EXERCISE AIM - In full and exactly, please return the records, but keep out the pictures.

━━ SUPPLIED RECORDS

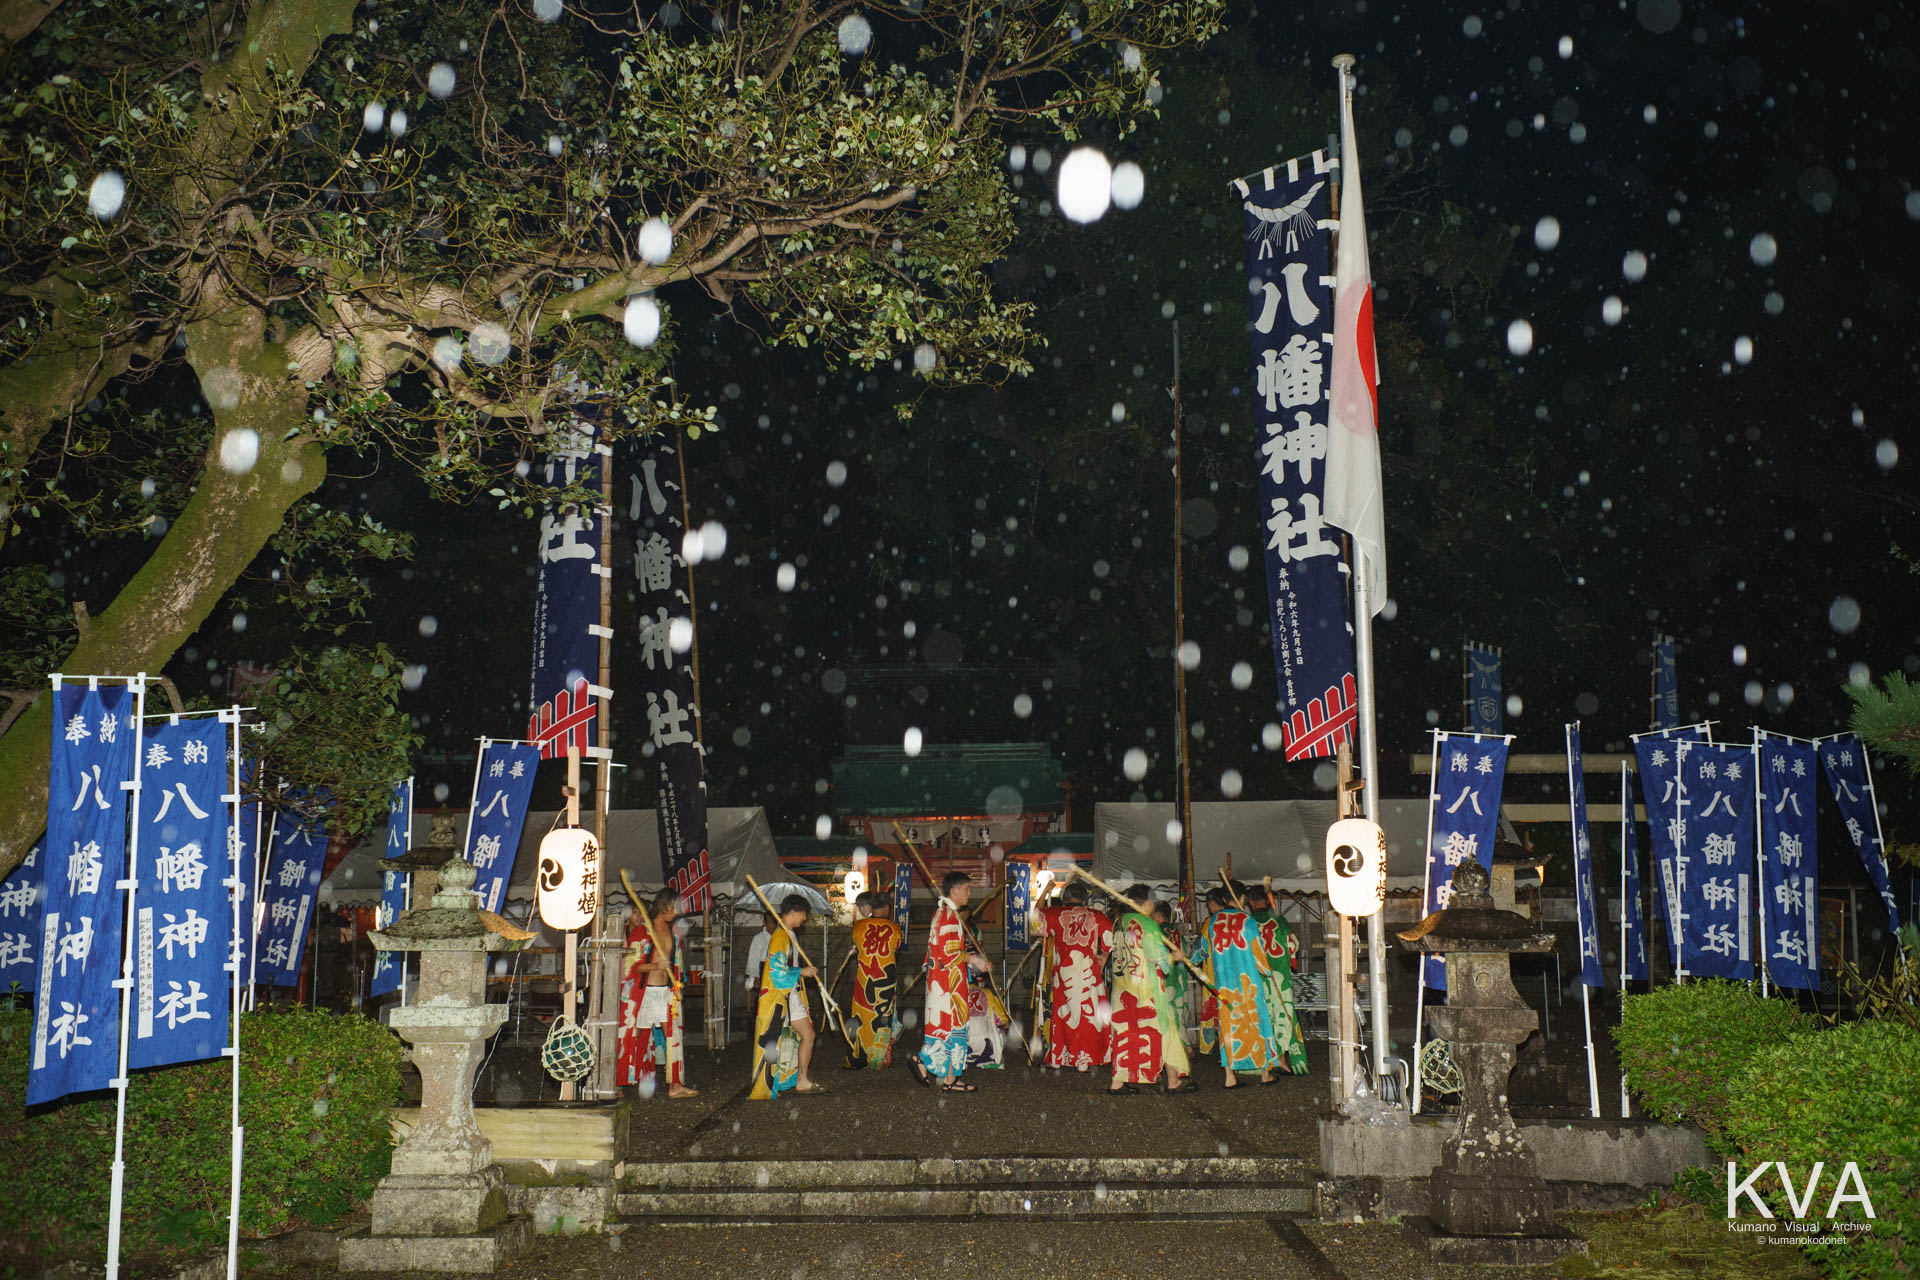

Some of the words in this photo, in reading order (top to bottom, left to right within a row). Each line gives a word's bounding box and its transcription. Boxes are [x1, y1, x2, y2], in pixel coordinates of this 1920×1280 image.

[1255, 263, 1340, 563] 八幡神社
[1278, 568, 1290, 591] 奉納
[630, 459, 693, 748] 八幡神社
[1287, 591, 1304, 665] 令和六年九月吉日
[64, 712, 118, 745] 奉納
[145, 740, 209, 769] 奉納
[1827, 751, 1853, 771] 奉納
[48, 765, 112, 1059] 八幡神社
[153, 782, 212, 1030] 八幡神社
[863, 923, 894, 956] 祝
[1213, 912, 1248, 954] 祝
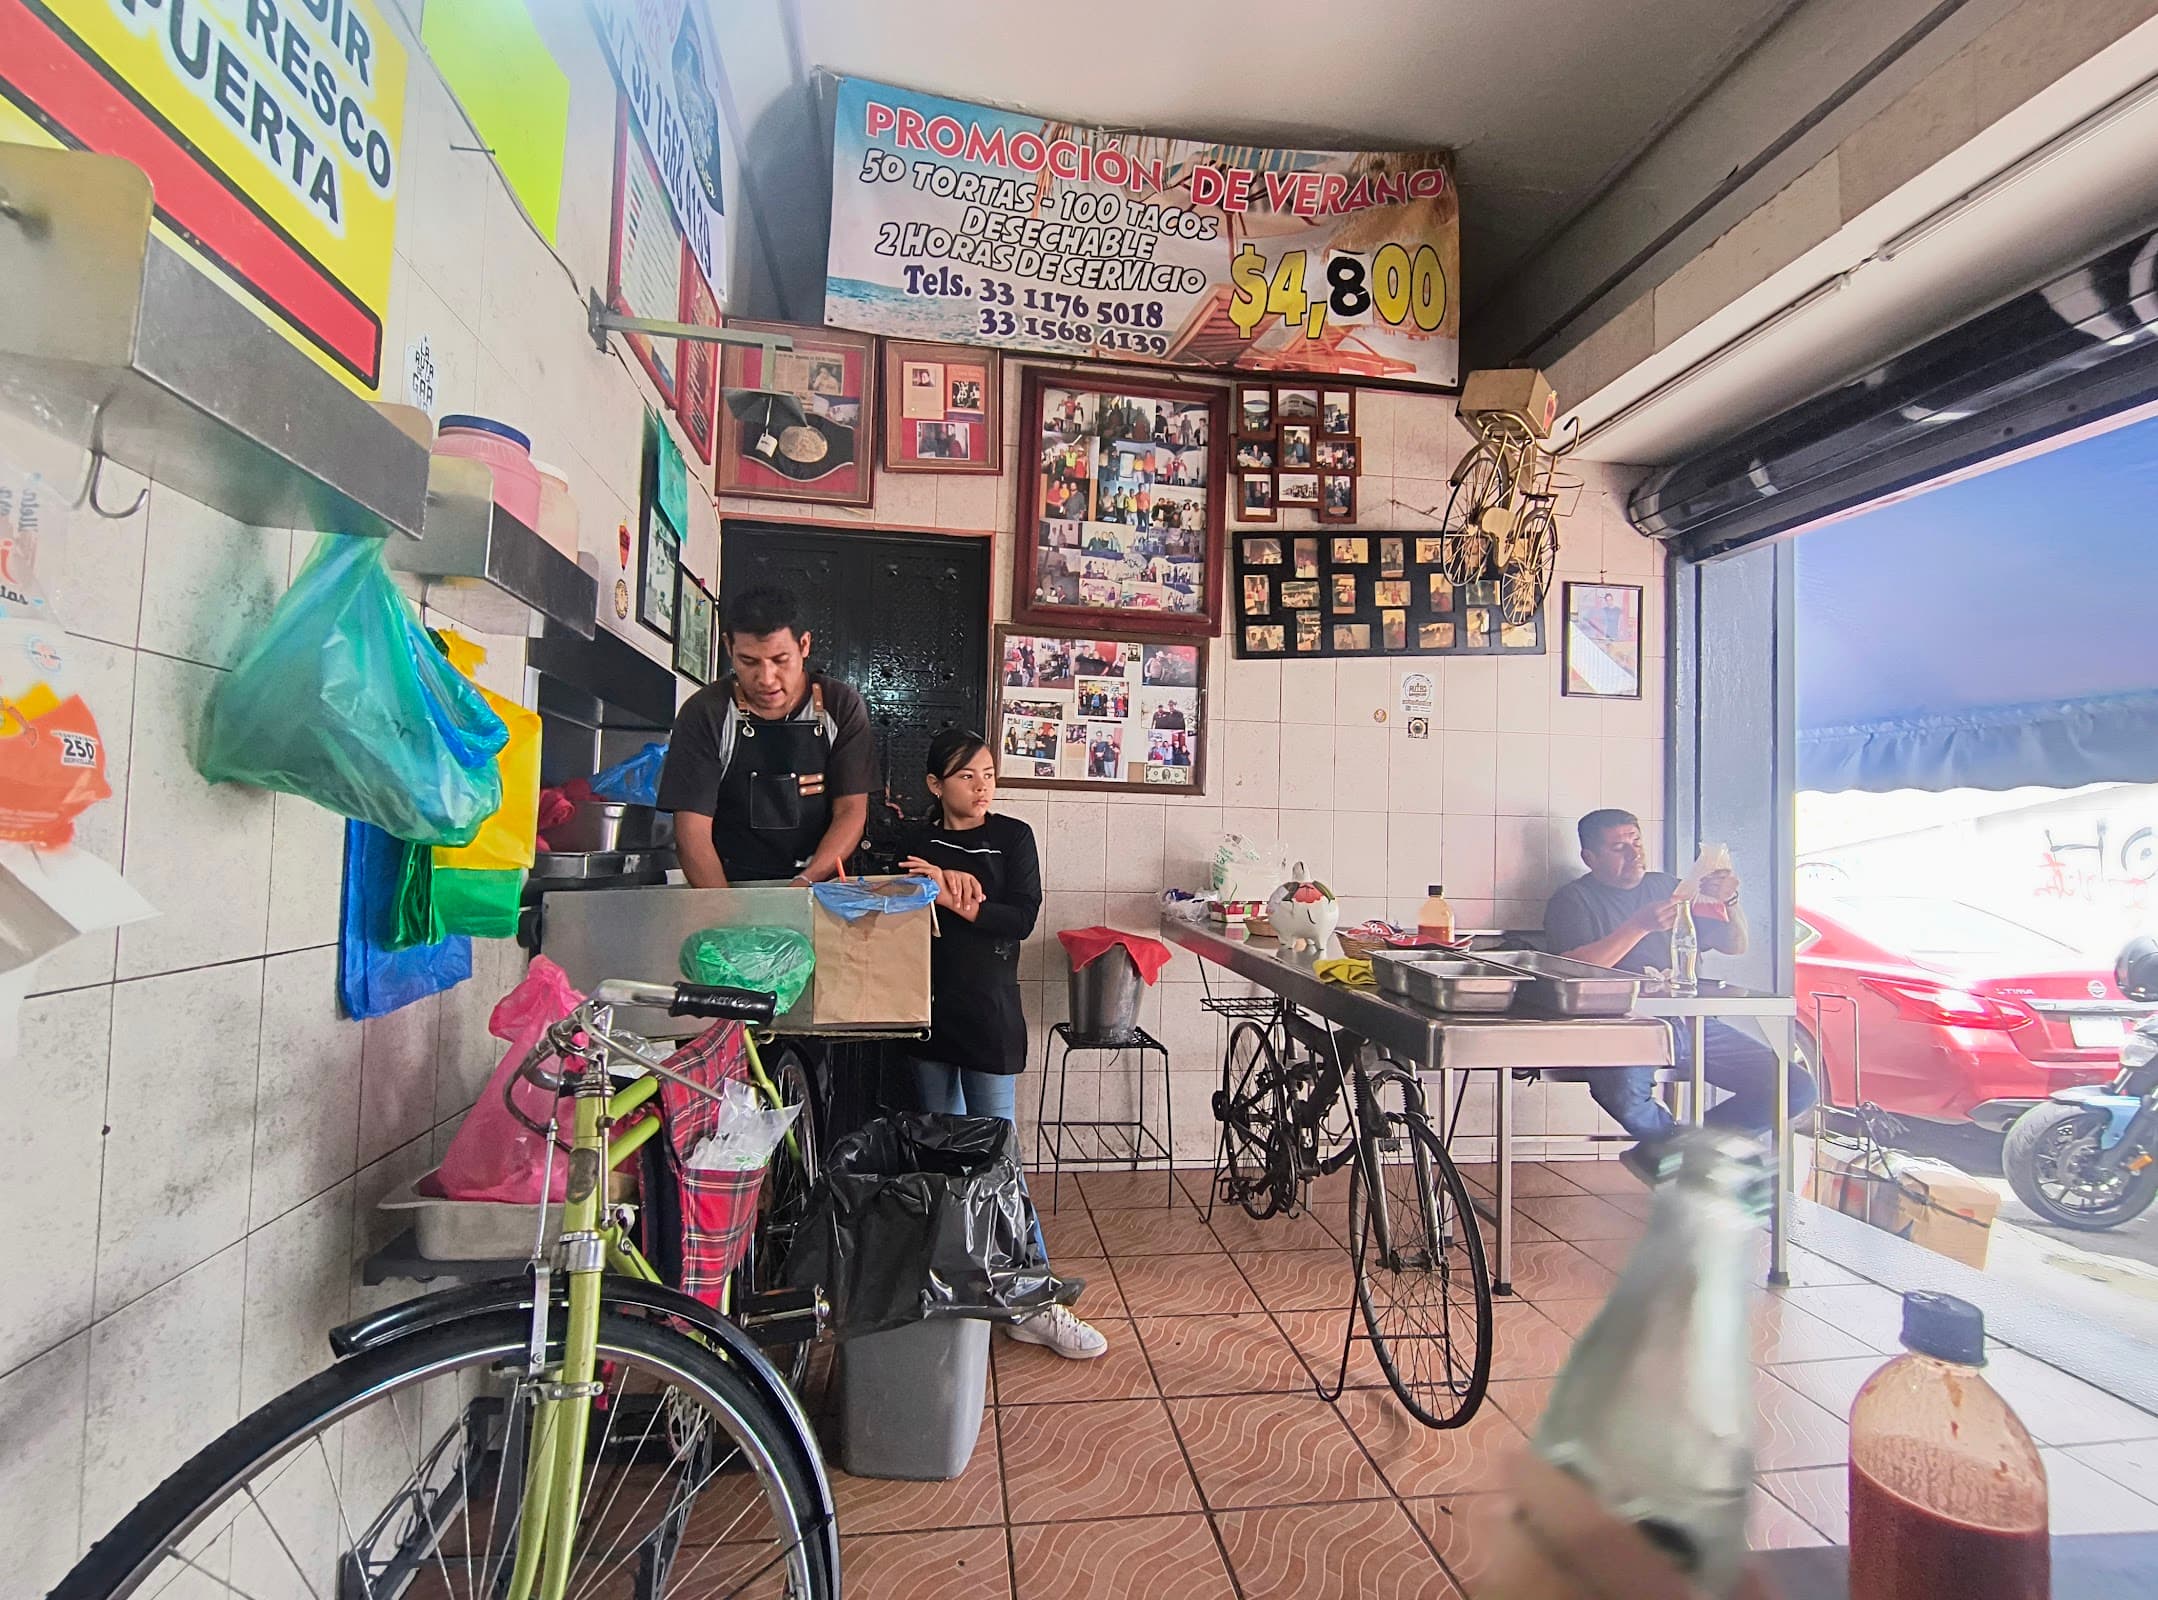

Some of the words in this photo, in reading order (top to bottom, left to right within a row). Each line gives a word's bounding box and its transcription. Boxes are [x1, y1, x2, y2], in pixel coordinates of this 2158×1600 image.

━━━━

PROBLEM SOLUTION -
Some of the words in this photo, in reading order (top to bottom, left to right within a row). Each line gives a word's bounding box and its transcription. Boxes are [x1, y1, x2, y2], in pixel coordinates of this 1920×1280 image.

[1255, 263, 1340, 563] 八幡神社
[1278, 568, 1290, 591] 奉納
[630, 459, 693, 748] 八幡神社
[1287, 591, 1304, 665] 令和六年九月吉日
[64, 712, 118, 745] 奉納
[145, 740, 209, 769] 奉納
[1827, 751, 1853, 771] 奉納
[48, 765, 112, 1059] 八幡神社
[153, 782, 212, 1030] 八幡神社
[863, 923, 894, 956] 祝
[1213, 912, 1248, 954] 祝

Some of the words in this photo, in reading order (top to bottom, left to right within a row). Each line gives a word's bounding box and its transcription. Boxes are [x1, y1, x2, y2], in pixel coordinates of this 2158×1600 image.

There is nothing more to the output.